New campaign against Cadbury takeover

Written By: Tribune web editor
Published: December 10, 2009 Last modified: December 10, 2009

by René Lavanchy

Unions and MPs are seeking to oppose American food giant Kraft’s hostile takeover of Cadbury as the confectioner prepares to respond to a formal bid.

The Unite union will next week launch a “Keep Cadbury Independent” campaign and write to shareholders, politicians and Business Secretary Lord Mandelson, arguing that a takeover would threaten jobs and the company’s future.

The West Midlands group of Labour MPs is meanwhile discussing how to oppose the move, with a junior member of the Government declaring that a takeover would not be in Cadbury’s best interests.

Unions have been concerned about possible job losses since Kraft last month announced it was bidding to buy Cadbury, which employs 6,200 staff in Britain and Ireland. Cadbury is expected to reject the purchase offer on Monday, but Kraft is likely to continue bidding.

A Unite spokesperson said there was “nothing in Kraft’s revised bid which persuades us this is a good deal. We’ll be setting out why independence for Cadbury is best for workers and stability”.

The union is fearful that a Kraft takeover would see the firm “swallowed up”, pointing to Kraft’s purchase of Terry’s in 1993 which led to the closure of its York factory and production transferring to Poland. They say that Kraft has shed 60,000 jobs in the past decade.

Jim Cunningham, Labour MP for Coventry South and an aide to health minister Mike O’Brien, is calling a meeting of the West Midlands MPs’ group next week to discuss the takeover.
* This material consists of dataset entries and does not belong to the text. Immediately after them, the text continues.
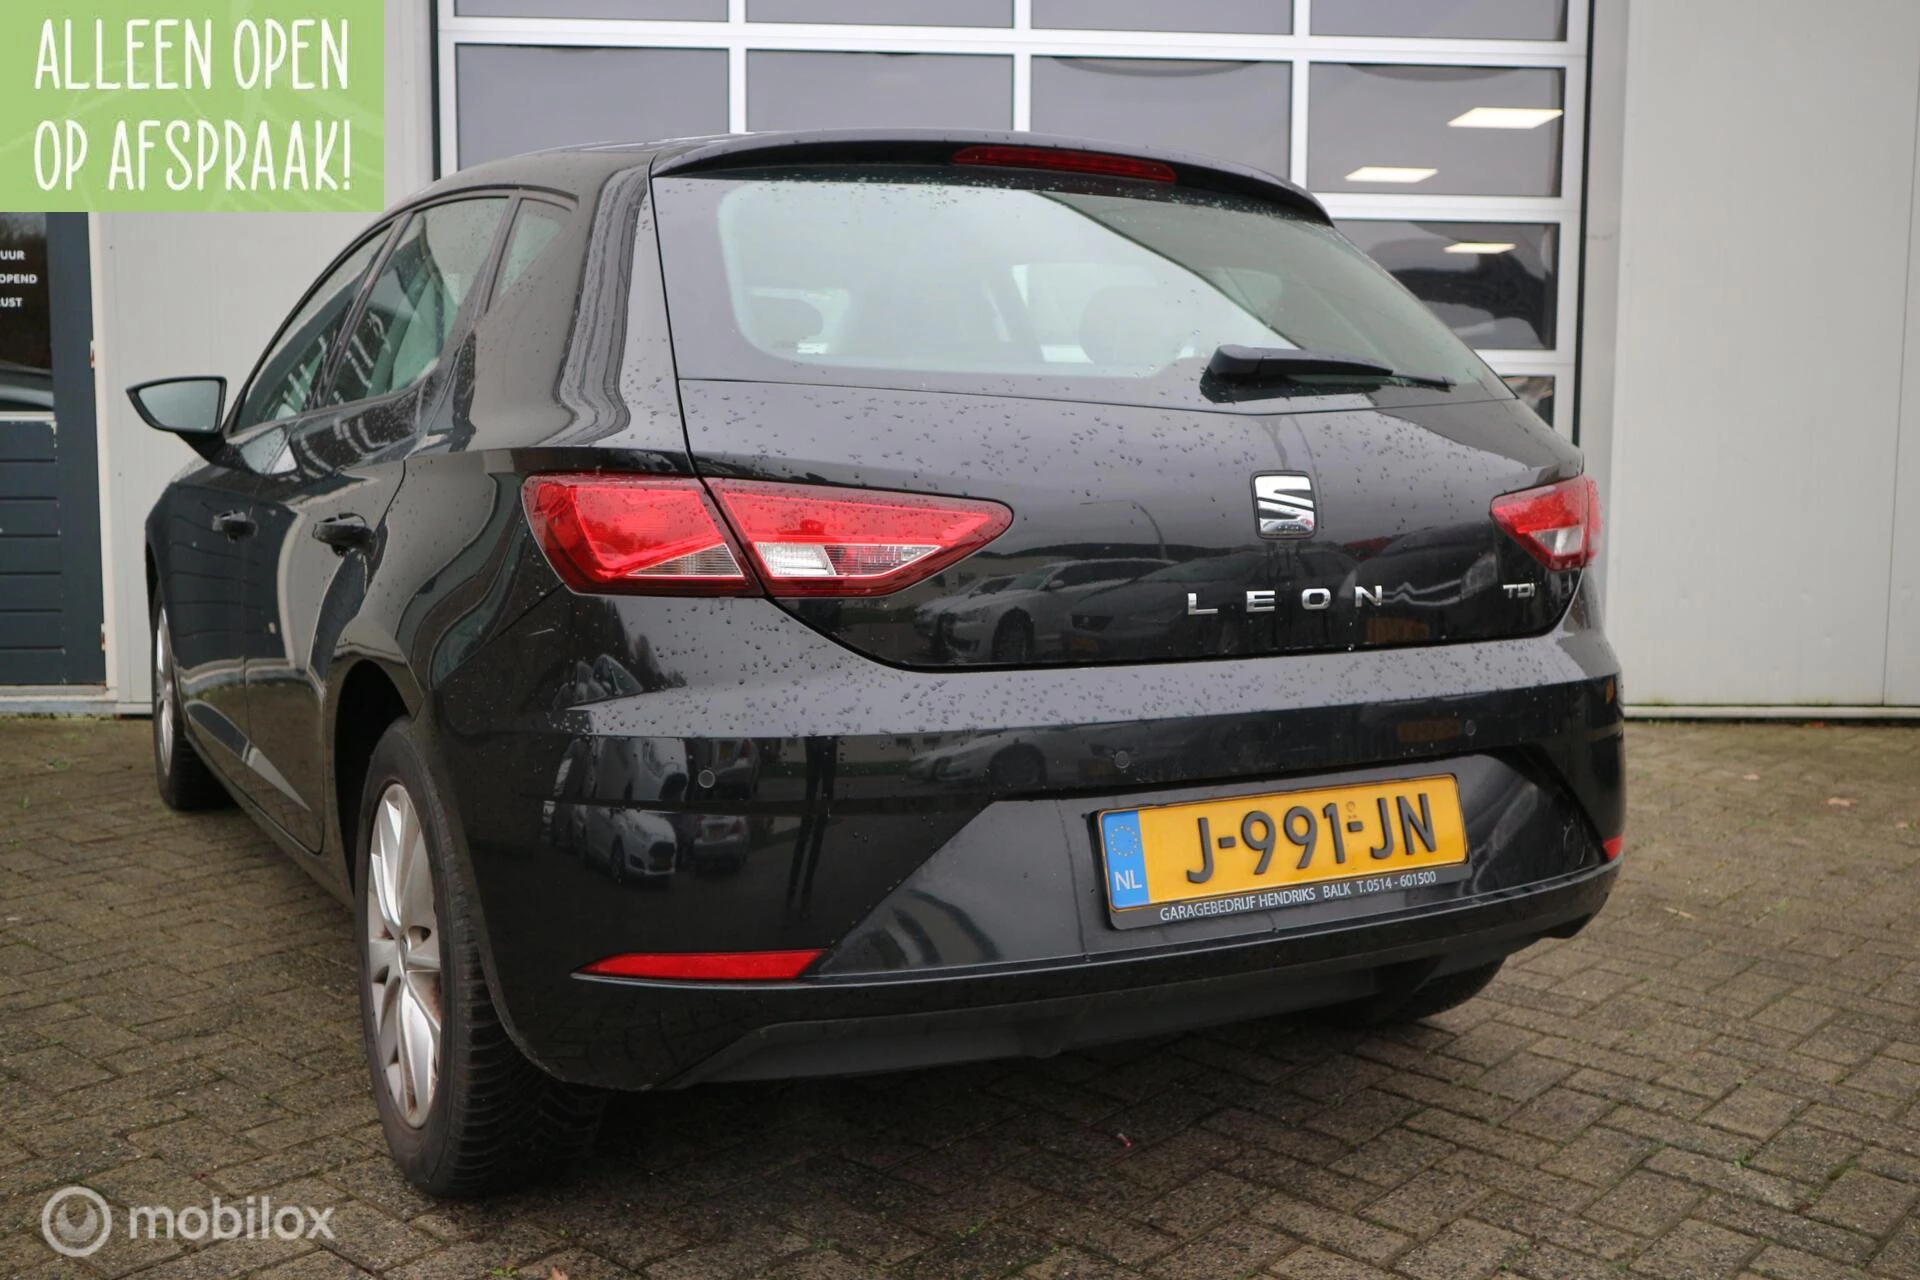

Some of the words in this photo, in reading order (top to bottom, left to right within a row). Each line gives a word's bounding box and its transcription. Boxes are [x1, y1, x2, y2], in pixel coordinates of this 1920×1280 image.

[0, 297, 23, 308] UST
[1187, 585, 1384, 616] LEON
[1502, 582, 1536, 599] TDI
[1186, 793, 1437, 885] J-991-JN
[1114, 870, 1143, 892] NL
[1160, 895, 1256, 921] GARAGEBEDRIJF
[1259, 887, 1317, 908] HENDRIKS
[1322, 882, 1352, 899] BALK
He told Tribune: “Kraft seem to have a reputation for asset stripping. When you asset strip, jobs go, which we find very concerning.”

Asked if takeover was in Cadbury’s interests, he said: “I don’t think it is and the unions don’t think it is either. We’ve got to sit and discuss with the unions how they want to take this forward.”

Previous parliamentary opposition to the Kraft bid has been weak. Lynne Jones, Labour MP for Birmingham Selly Oak where Cadbury’s Bournville plant is the largest employer, tabled an Early Day Motion opposing the sale, but it only attracted 36 signatures. She will meet Business Secretary Lord Mandelson next week.

The Department for Business, Innovation and Skills said last week that there were no grounds for the Government opposing the bid.

A Kraft spokesperson this week repeated the company’s promise to keep open Cadbury’s Somerdale plant, which the Cadbury board had planed to close, and invest in the Bournville site.